The three bytes in the 24-bit color are used to describe the R, G, and B color components respectively. We can see that there is no brightness component, because in the RGB representation, brightness can also be obtained directly from the color component. The range of each color component value ranges from 0 to 255. The greater the value of a color component, it indicates that the brightness of this component is higher, so 255 indicates the brightest, and 0 indicates the lowest. So what is the brightness value of a Real-Color Pixel when it is converted to a grayscale image? The average value we first think of is R + G + B/3. In reality, we use the following formula:
Y = 0.299r + 0.587G + 0.114b
This formula is generally referred to as the grayscale formula of psychology. Here we can see that the green component accounts for the largest proportion.
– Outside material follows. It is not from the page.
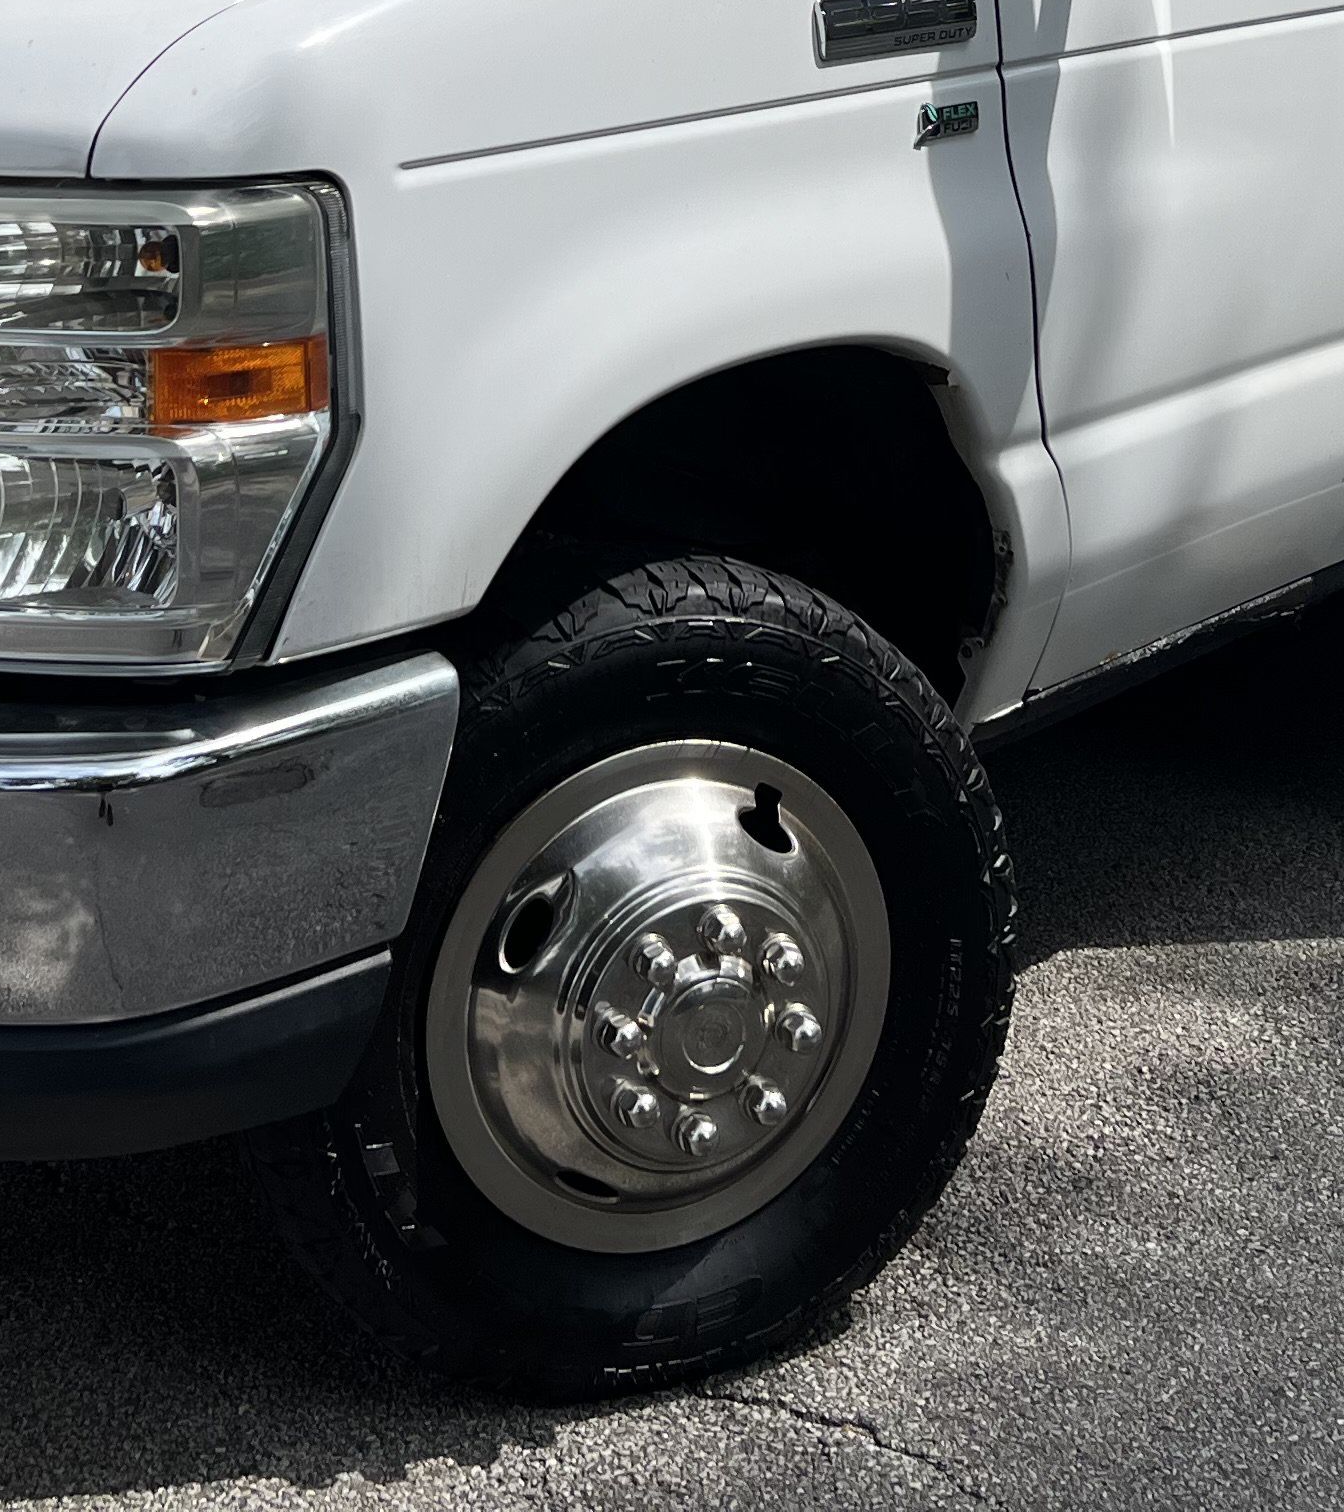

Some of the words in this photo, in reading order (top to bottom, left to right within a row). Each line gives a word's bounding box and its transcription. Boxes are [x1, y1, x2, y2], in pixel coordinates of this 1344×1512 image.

Scientists found that the grayscale image obtained by using the above formula is the closest to the human's perception of the grayscale image.
Because there are only 256 colors (one byte) in a grayscale image, the converted image is usually saved in the 8-bit format instead of the 24-bit format, which saves space. The 8-Bit Bitmap uses the color palette to save the color. Instead of directly saving the color value. 256 colors can be saved in the color palette, so 256 gray colors can be saved to the color palette. The Code is as follows:
Using system;
Using system. Collections. Generic;
Using system. text;
Using system. drawing;
Using system. Drawing. imaging;
Namespace consoleapplication2
{
Class Program
{
Unsafe static void main (string [] ARGs)
{
Bitmap IMG = (Bitmap) image. fromfile (@ "E: \ My Documents ents \ my pictures \ cherry_blossom_1002.jpg ");
Bitmap bit = new Bitmap (IMG. Width, IMG. Height, pixelformat. format8bppindexed );
Bitmapdata DATA = IMG. lockbits (New rectangle (0, 0, IMG. Width, IMG. Height), imagelockmode. readonly, pixelformat. format24bpprgb );
Byte * BP = (byte *) data. scan0.topointer ();
Bitmapdata data2 = bit. lockbits (New rectangle (0, 0, bit. Width, bit. Height), imagelockmode. readwrite, pixelformat. format8bppindexed );
Byte * bp2 = (byte *) data2.scan0. topointer ();
For (INT I = 0; I! = Data. height; I ++)
{
For (Int J = 0; J! = Data. width; j ++)
{
// 0.3r + 0.59G + 0.11b
Float value = 0.11f * BP [I * data. stride + J * 3] + 0.59f * BP [I * data. stride + J * 3 + 1] + 0.3f * BP [I * data. stride + J * 3 + 2];
Bp2 [I * data2.stride + J] = (byte) value;
}
}
IMG. unlockbits (data );
Bit. unlockbits (data2 );
Colorpalette palette = bit. palette;
For (INT I = 0; I! = Palette. Entries. length; I ++)
{
Palette. Entries [I] = color. fromargb (I, I, I );
}
Bit. palette = palette;
Bit. Save (@ "E: \ temp \ bb.jpeg", imageformat. JPEG );
IMG. Dispose ();
Bit. Dispose ();
}
}
}
In the code, I used pointers to directly manipulate bitmap data. The same operation is much faster than getpixel and setpixel. We would like to thank Microsoft for retaining this powerful tool in C.